Compte tenu de l'engagement croissant en faveur de l'inclusion des réfugiés et des éléments concrets limités dont nous disposons sur ce qui fonctionne, le moment est venu de remettre en question les hypothèses sur la manière de financer les systèmes éducatifs inclusifs pour les réfugiés afin de garantir que les investissements futurs répondent aux besoins immédiats et à long terme de tous les élèves.

Les questions suivantes découlent d'une étude de cas comparative et qualitative que j'ai menée au Liban et en Turquie et indiquent les domaines dans lesquels il convient de poursuivre les recherches.

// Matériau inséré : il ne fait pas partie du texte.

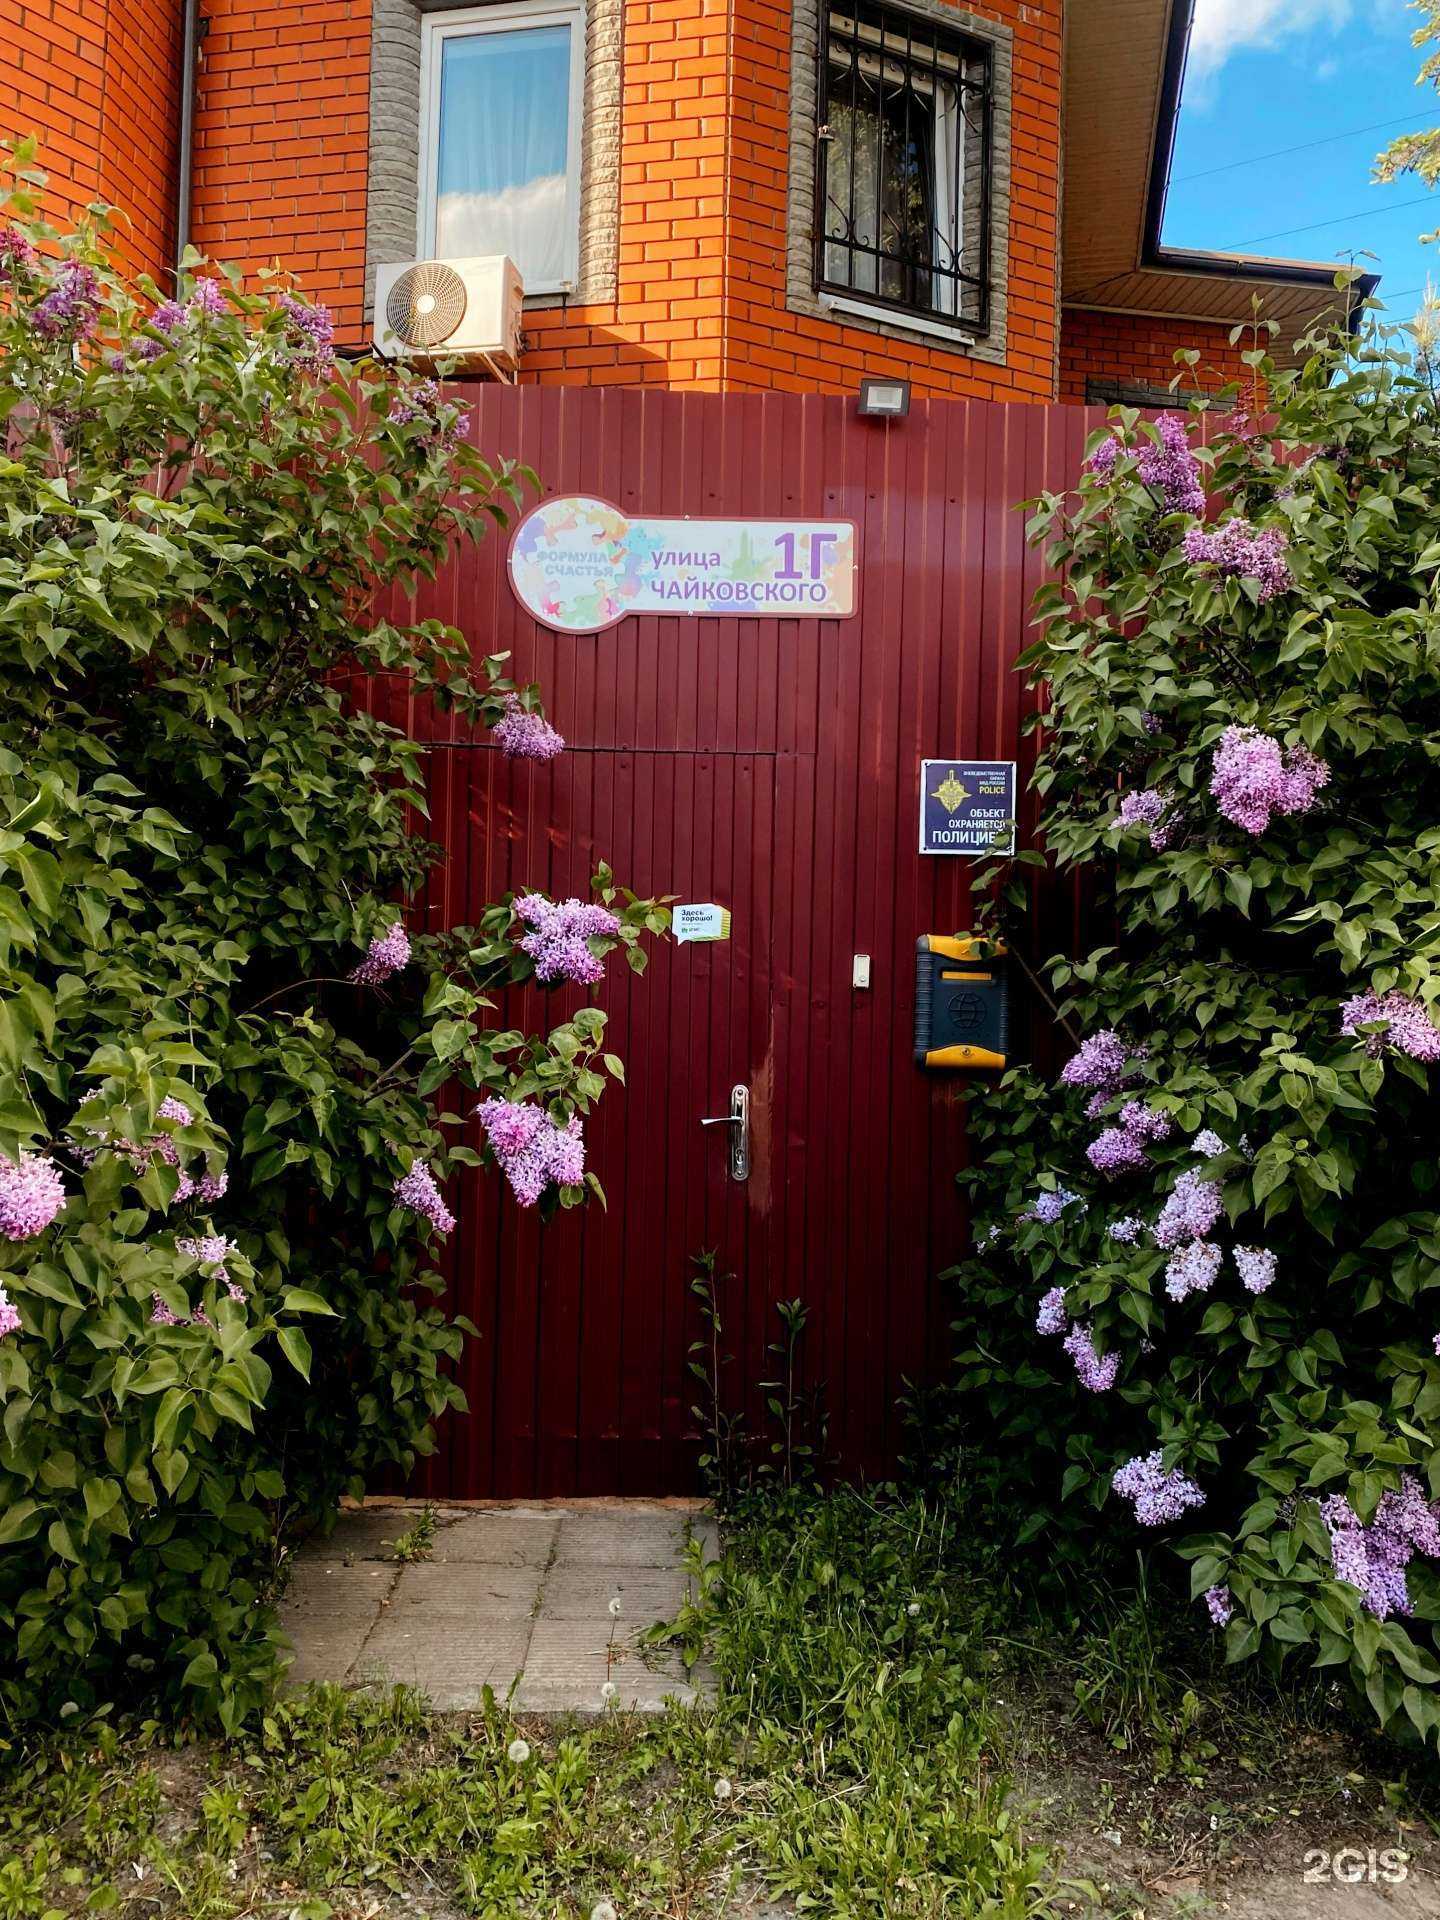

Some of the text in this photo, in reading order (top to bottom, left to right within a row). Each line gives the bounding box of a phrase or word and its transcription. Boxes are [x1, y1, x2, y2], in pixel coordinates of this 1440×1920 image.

[536, 551, 608, 563] ФОРМУЛА
[651, 551, 721, 570] улица
[773, 532, 838, 580] 1Г
[544, 564, 614, 577] СЧАСТЬЯ
[651, 577, 827, 602] ЧАЙКОВСКОГО
[979, 786, 1006, 794] POLICE
[970, 808, 1006, 818] ОБЪЕКТ
[932, 830, 1002, 845] ПОЛИЦИЕ
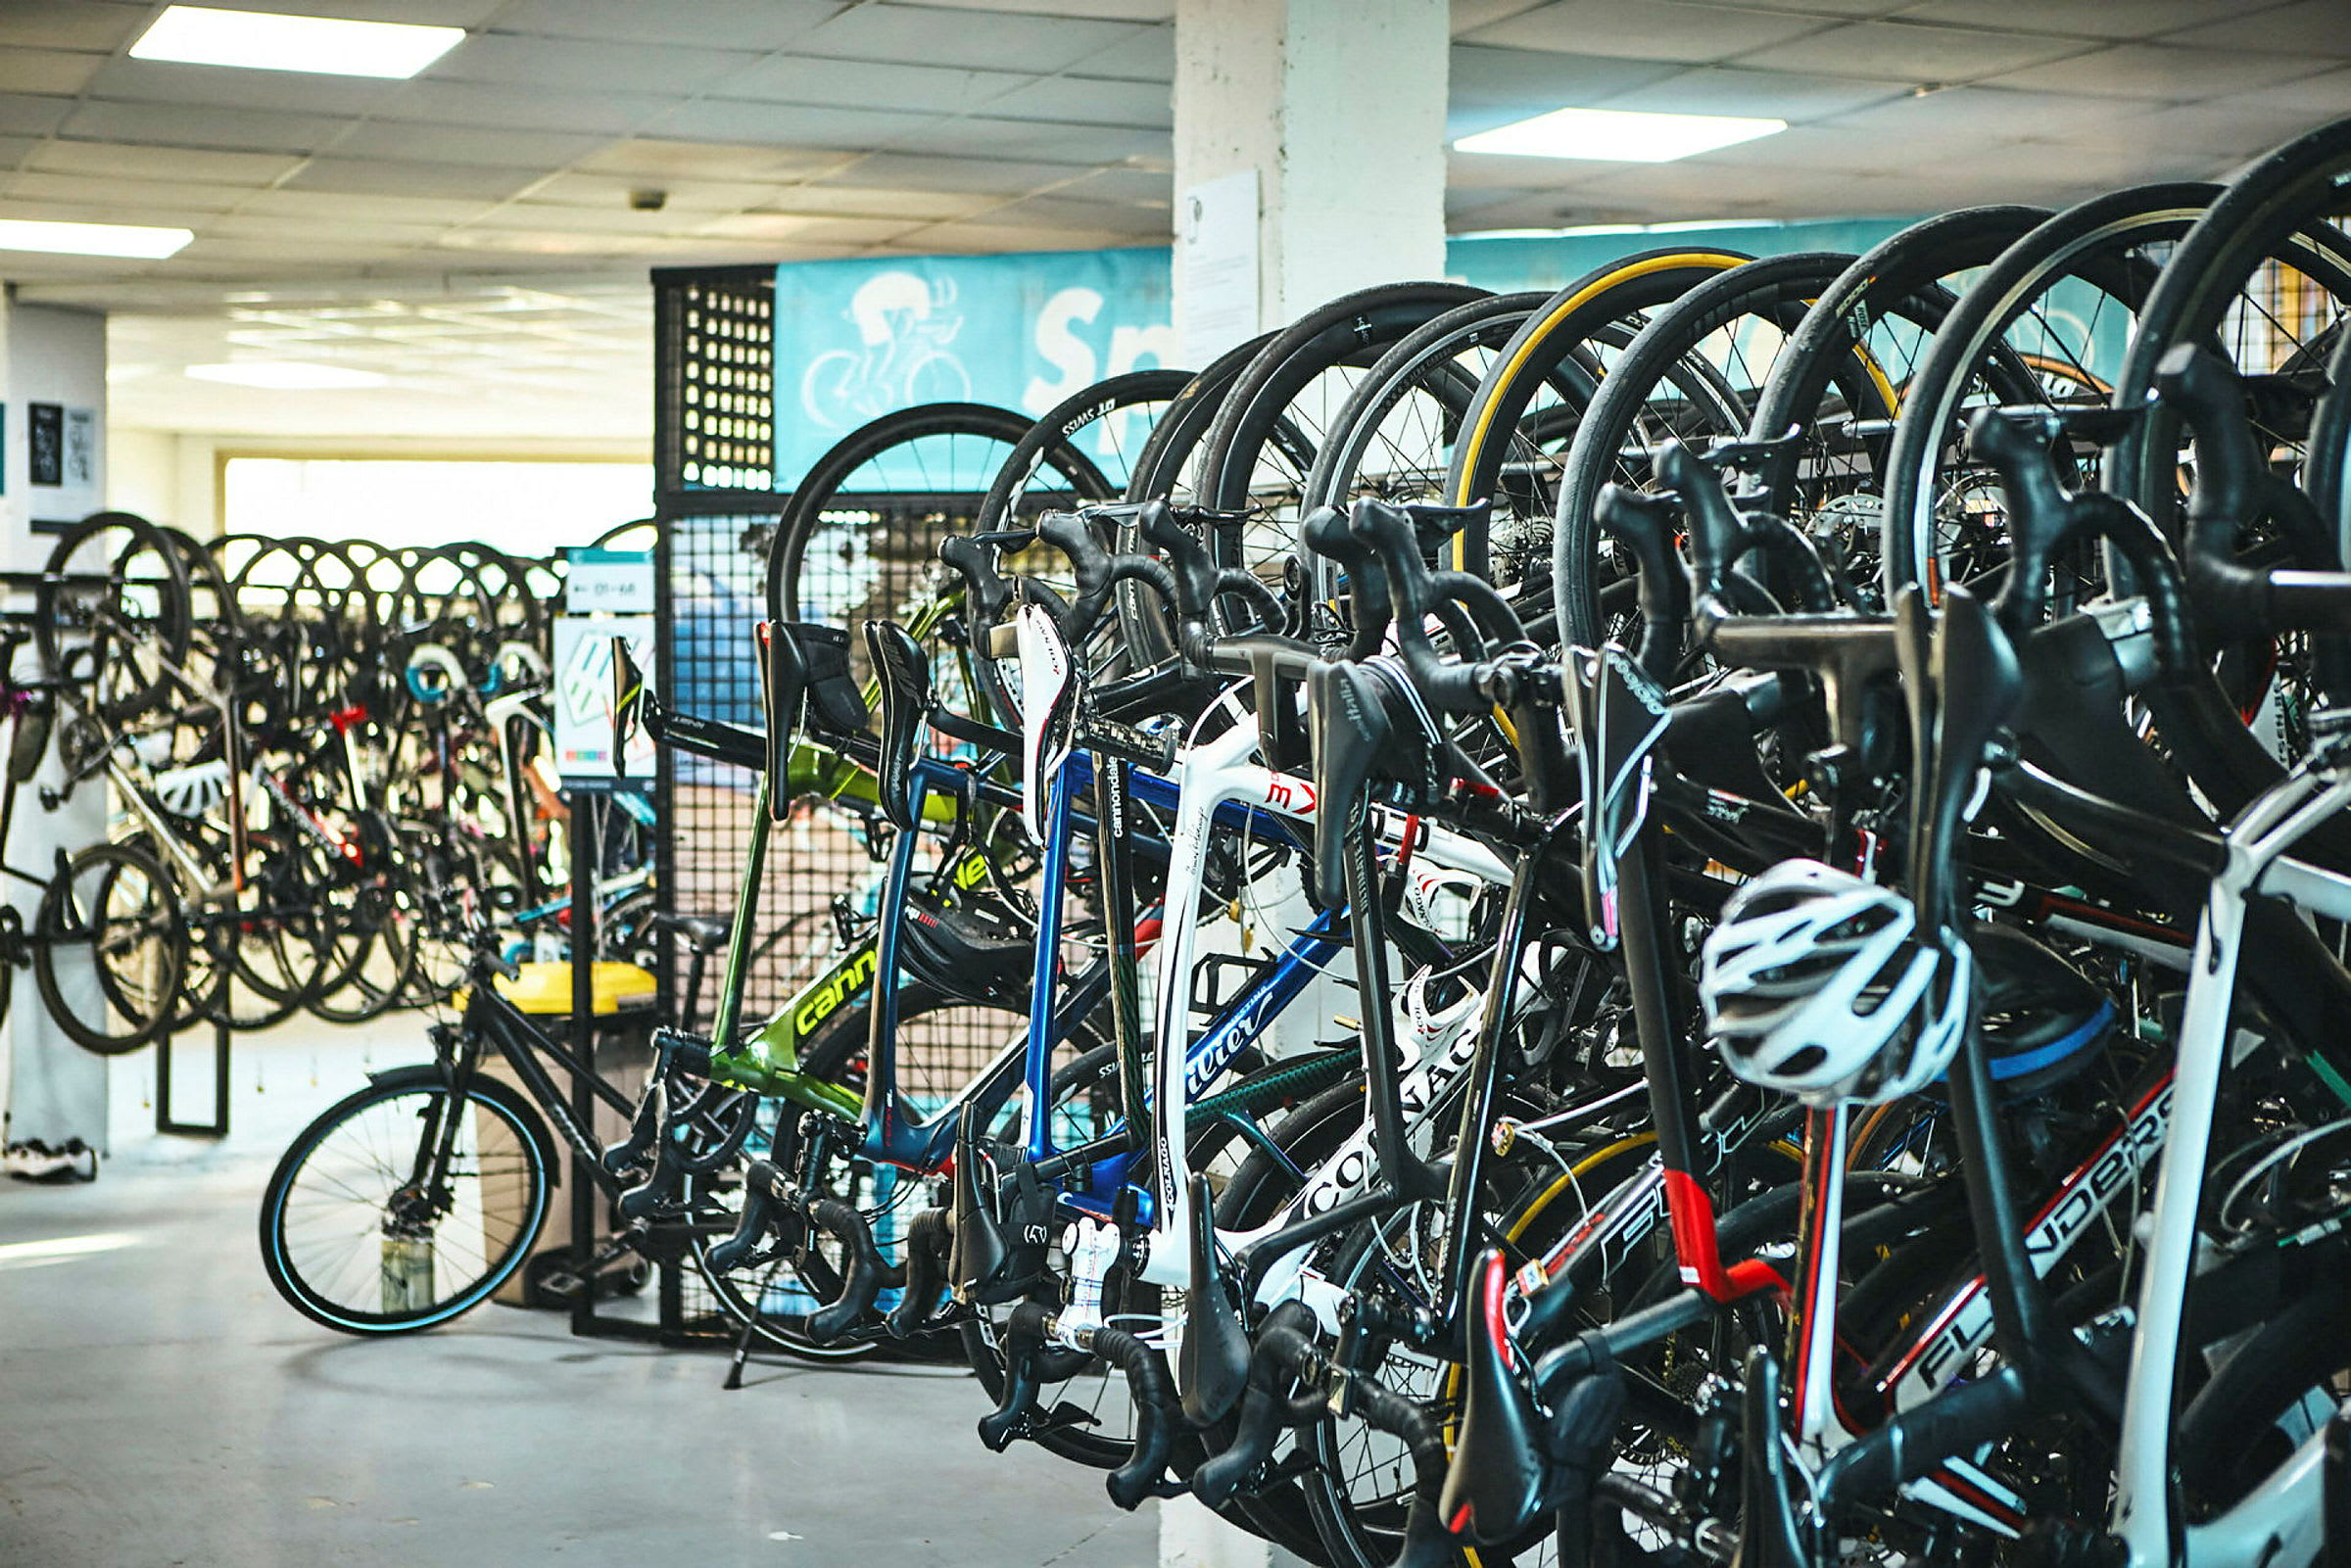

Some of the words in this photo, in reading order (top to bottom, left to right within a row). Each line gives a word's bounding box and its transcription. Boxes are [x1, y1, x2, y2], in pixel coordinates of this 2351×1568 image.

Comment assurer la viabilité à long terme des investissements dans l'éducation des réfugiés par le biais des systèmes éducatifs des pays d'accueil ?

Les politiques d'inclusion prévoient que la participation des élèves refugiés aux systèmes nationaux soutiendra un financement durable et prévisible pour leur éducation. Cependant, il existe souvent des obstacles politiques importants au transfert des services destinés aux réfugiés dans les budgets nationaux et une marge de manœuvre fiscale limitée pour canaliser davantage de fonds vers l'éducation dans les pays à faible revenu et à revenu intermédiaire qui accueillent 76 % des réfugiés dans le monde.

En même temps, dans les contextes tributaires des bailleurs de fonds, on ne sait pas si ces derniers parviendront à fournir un financement adéquat, prévisible et à long terme pour l'éducation des réfugiés, obligeant les gouvernements d'accueil à faire plus avec moins.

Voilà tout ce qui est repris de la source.